» **THE TASK**
What you return should match the entries below exactly, only without the images.

» **RECORDS SHOWN**
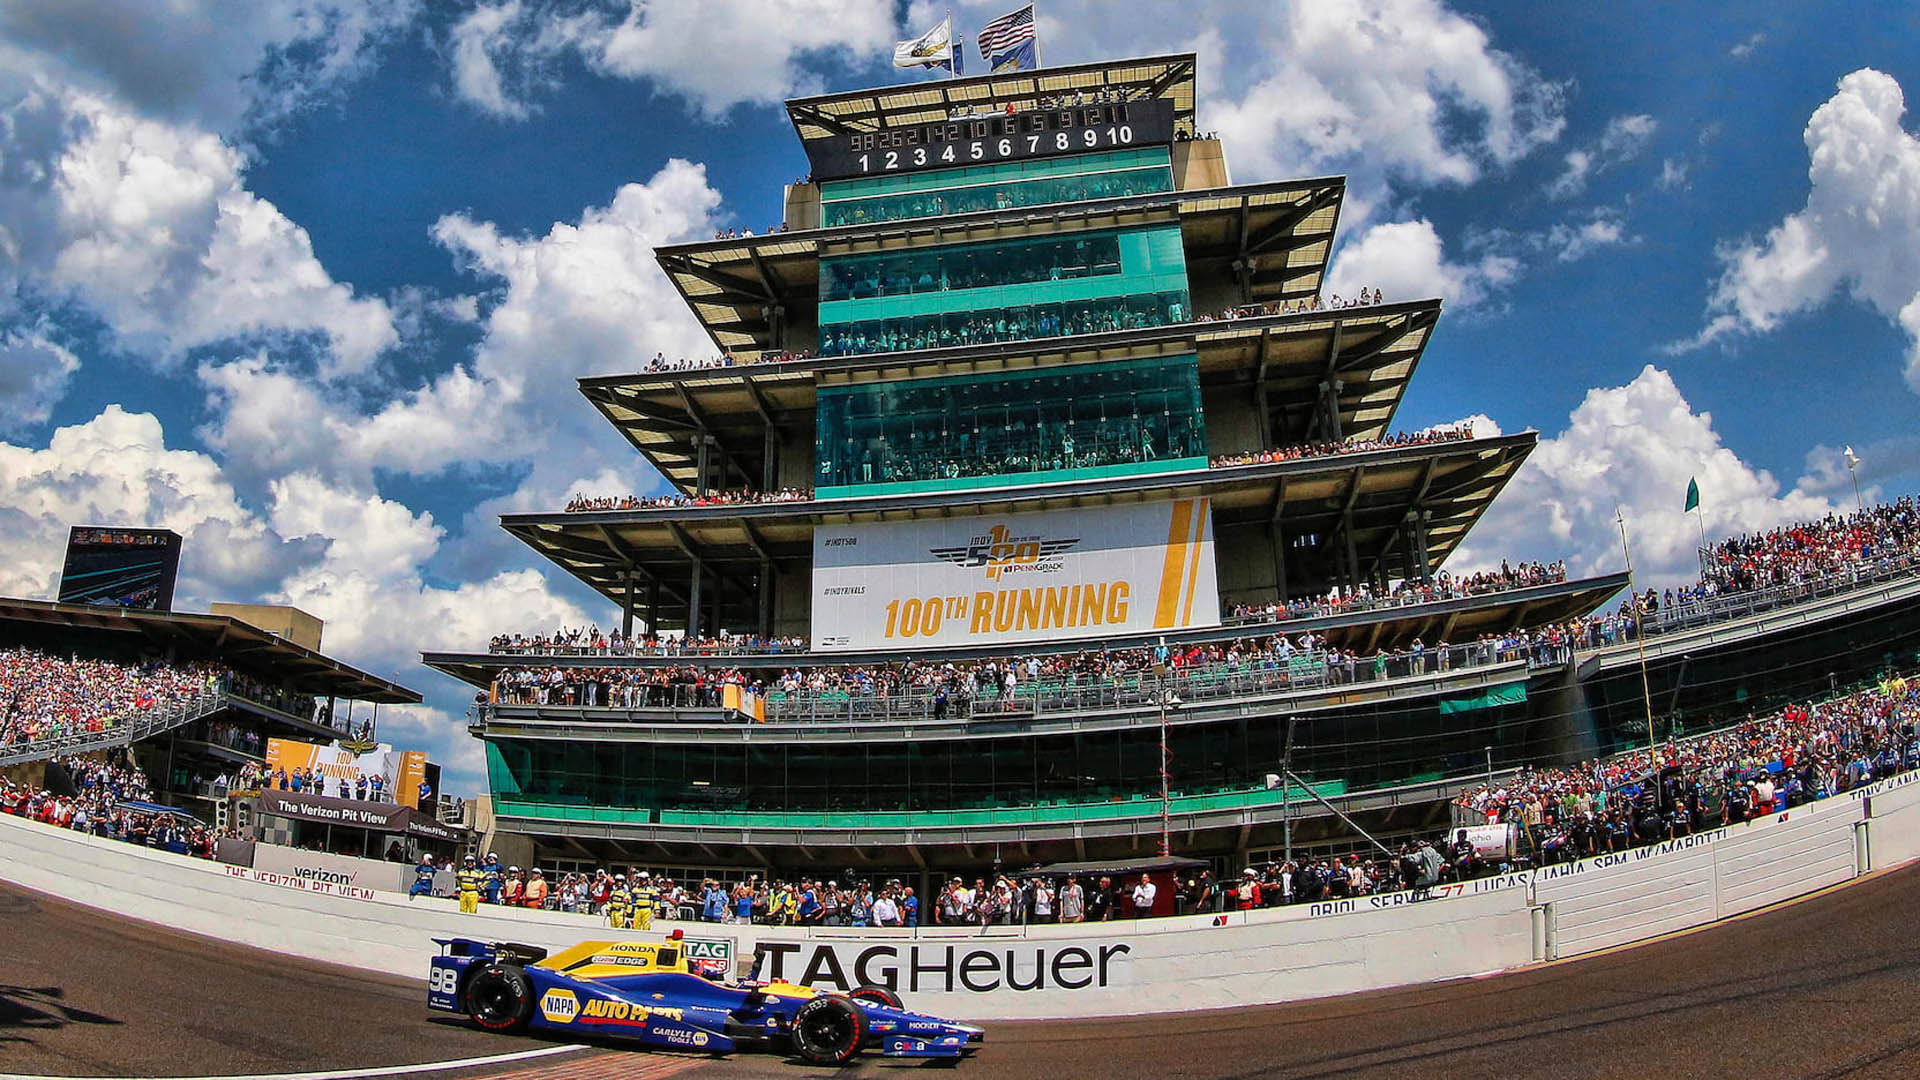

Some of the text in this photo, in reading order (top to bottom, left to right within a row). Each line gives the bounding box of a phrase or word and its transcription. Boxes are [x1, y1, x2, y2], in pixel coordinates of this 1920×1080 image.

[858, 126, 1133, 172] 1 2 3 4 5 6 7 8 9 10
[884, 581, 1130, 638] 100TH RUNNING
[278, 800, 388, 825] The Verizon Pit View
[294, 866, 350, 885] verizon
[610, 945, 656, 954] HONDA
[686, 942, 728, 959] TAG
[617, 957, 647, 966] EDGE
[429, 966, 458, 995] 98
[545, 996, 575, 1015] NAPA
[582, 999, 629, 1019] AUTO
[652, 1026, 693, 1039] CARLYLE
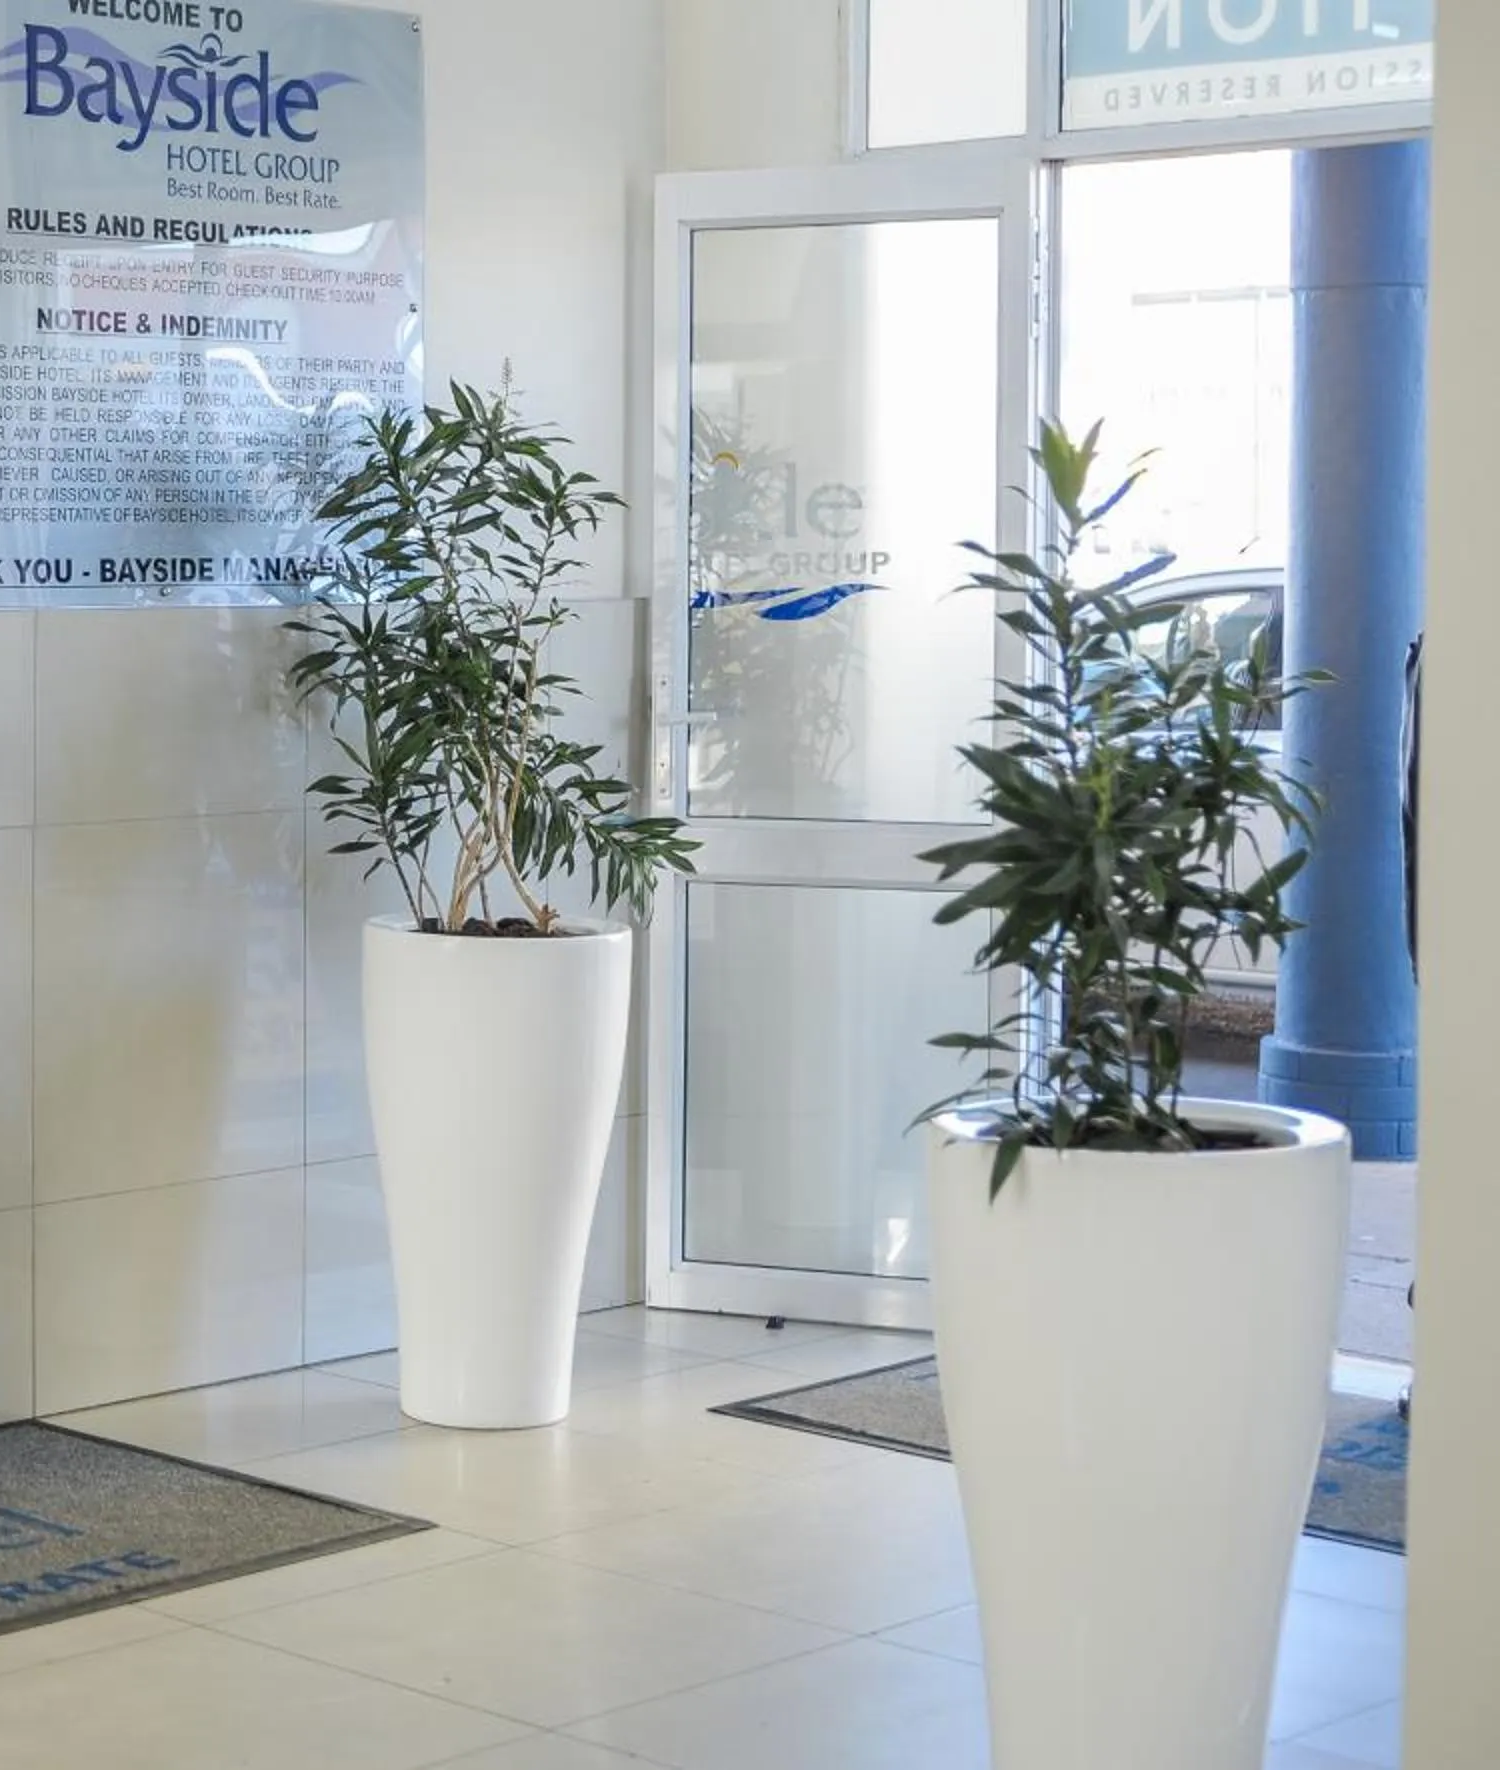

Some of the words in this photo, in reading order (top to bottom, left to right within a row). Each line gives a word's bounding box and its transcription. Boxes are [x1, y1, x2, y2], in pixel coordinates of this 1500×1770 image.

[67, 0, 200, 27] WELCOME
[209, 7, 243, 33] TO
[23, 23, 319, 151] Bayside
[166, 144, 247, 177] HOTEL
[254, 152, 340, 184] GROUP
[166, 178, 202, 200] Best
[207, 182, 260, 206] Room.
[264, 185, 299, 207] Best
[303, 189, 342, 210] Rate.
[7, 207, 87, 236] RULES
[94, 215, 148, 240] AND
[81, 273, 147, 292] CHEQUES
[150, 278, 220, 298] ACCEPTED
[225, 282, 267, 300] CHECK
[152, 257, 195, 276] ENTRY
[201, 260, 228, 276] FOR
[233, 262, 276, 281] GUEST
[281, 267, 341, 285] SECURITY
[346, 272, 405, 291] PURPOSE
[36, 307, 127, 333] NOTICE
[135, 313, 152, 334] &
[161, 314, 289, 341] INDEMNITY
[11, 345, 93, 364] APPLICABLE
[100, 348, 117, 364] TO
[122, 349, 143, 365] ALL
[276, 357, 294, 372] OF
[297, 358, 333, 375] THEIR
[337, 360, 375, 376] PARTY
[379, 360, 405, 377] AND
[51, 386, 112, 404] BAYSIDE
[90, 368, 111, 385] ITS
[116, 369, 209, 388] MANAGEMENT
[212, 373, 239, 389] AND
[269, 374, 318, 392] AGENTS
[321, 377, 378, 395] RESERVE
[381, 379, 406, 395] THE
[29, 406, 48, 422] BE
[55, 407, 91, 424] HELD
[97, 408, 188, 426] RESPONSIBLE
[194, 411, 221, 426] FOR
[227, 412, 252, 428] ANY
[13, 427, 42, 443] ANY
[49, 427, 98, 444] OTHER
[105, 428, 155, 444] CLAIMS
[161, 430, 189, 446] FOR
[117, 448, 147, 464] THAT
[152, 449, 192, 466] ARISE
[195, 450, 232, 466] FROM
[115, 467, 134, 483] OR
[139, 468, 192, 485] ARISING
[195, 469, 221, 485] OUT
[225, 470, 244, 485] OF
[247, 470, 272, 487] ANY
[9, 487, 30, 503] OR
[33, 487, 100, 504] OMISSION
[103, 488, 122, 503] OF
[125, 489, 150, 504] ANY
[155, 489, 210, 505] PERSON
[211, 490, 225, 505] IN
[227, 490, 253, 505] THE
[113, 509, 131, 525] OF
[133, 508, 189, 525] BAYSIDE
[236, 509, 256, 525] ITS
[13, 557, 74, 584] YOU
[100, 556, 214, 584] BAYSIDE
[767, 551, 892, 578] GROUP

» **SOLVED EXERCISE**
Some of the text in this photo, in reading order (top to bottom, left to right within a row). Each line gives the bounding box of a phrase or word and its transcription. Boxes are [x1, y1, x2, y2], in pixel coordinates of this 1920×1080 image.

[858, 126, 1133, 172] 1 2 3 4 5 6 7 8 9 10
[884, 581, 1130, 638] 100TH RUNNING
[278, 800, 388, 825] The Verizon Pit View
[294, 866, 350, 885] verizon
[610, 945, 656, 954] HONDA
[686, 942, 728, 959] TAG
[617, 957, 647, 966] EDGE
[429, 966, 458, 995] 98
[545, 996, 575, 1015] NAPA
[582, 999, 629, 1019] AUTO
[652, 1026, 693, 1039] CARLYLE

Some of the words in this photo, in reading order (top to bottom, left to right within a row). Each line gives a word's bounding box and its transcription. Boxes are [x1, y1, x2, y2], in pixel coordinates of this 1500×1770 image.

[67, 0, 200, 27] WELCOME
[209, 7, 243, 33] TO
[23, 23, 319, 151] Bayside
[166, 144, 247, 177] HOTEL
[254, 152, 340, 184] GROUP
[166, 178, 202, 200] Best
[207, 182, 260, 206] Room.
[264, 185, 299, 207] Best
[303, 189, 342, 210] Rate.
[7, 207, 87, 236] RULES
[94, 215, 148, 240] AND
[81, 273, 147, 292] CHEQUES
[150, 278, 220, 298] ACCEPTED
[225, 282, 267, 300] CHECK
[152, 257, 195, 276] ENTRY
[201, 260, 228, 276] FOR
[233, 262, 276, 281] GUEST
[281, 267, 341, 285] SECURITY
[346, 272, 405, 291] PURPOSE
[36, 307, 127, 333] NOTICE
[135, 313, 152, 334] &
[161, 314, 289, 341] INDEMNITY
[11, 345, 93, 364] APPLICABLE
[100, 348, 117, 364] TO
[122, 349, 143, 365] ALL
[276, 357, 294, 372] OF
[297, 358, 333, 375] THEIR
[337, 360, 375, 376] PARTY
[379, 360, 405, 377] AND
[51, 386, 112, 404] BAYSIDE
[90, 368, 111, 385] ITS
[116, 369, 209, 388] MANAGEMENT
[212, 373, 239, 389] AND
[269, 374, 318, 392] AGENTS
[321, 377, 378, 395] RESERVE
[381, 379, 406, 395] THE
[29, 406, 48, 422] BE
[55, 407, 91, 424] HELD
[97, 408, 188, 426] RESPONSIBLE
[194, 411, 221, 426] FOR
[227, 412, 252, 428] ANY
[13, 427, 42, 443] ANY
[49, 427, 98, 444] OTHER
[105, 428, 155, 444] CLAIMS
[161, 430, 189, 446] FOR
[117, 448, 147, 464] THAT
[152, 449, 192, 466] ARISE
[195, 450, 232, 466] FROM
[115, 467, 134, 483] OR
[139, 468, 192, 485] ARISING
[195, 469, 221, 485] OUT
[225, 470, 244, 485] OF
[247, 470, 272, 487] ANY
[9, 487, 30, 503] OR
[33, 487, 100, 504] OMISSION
[103, 488, 122, 503] OF
[125, 489, 150, 504] ANY
[155, 489, 210, 505] PERSON
[211, 490, 225, 505] IN
[227, 490, 253, 505] THE
[113, 509, 131, 525] OF
[133, 508, 189, 525] BAYSIDE
[236, 509, 256, 525] ITS
[13, 557, 74, 584] YOU
[100, 556, 214, 584] BAYSIDE
[767, 551, 892, 578] GROUP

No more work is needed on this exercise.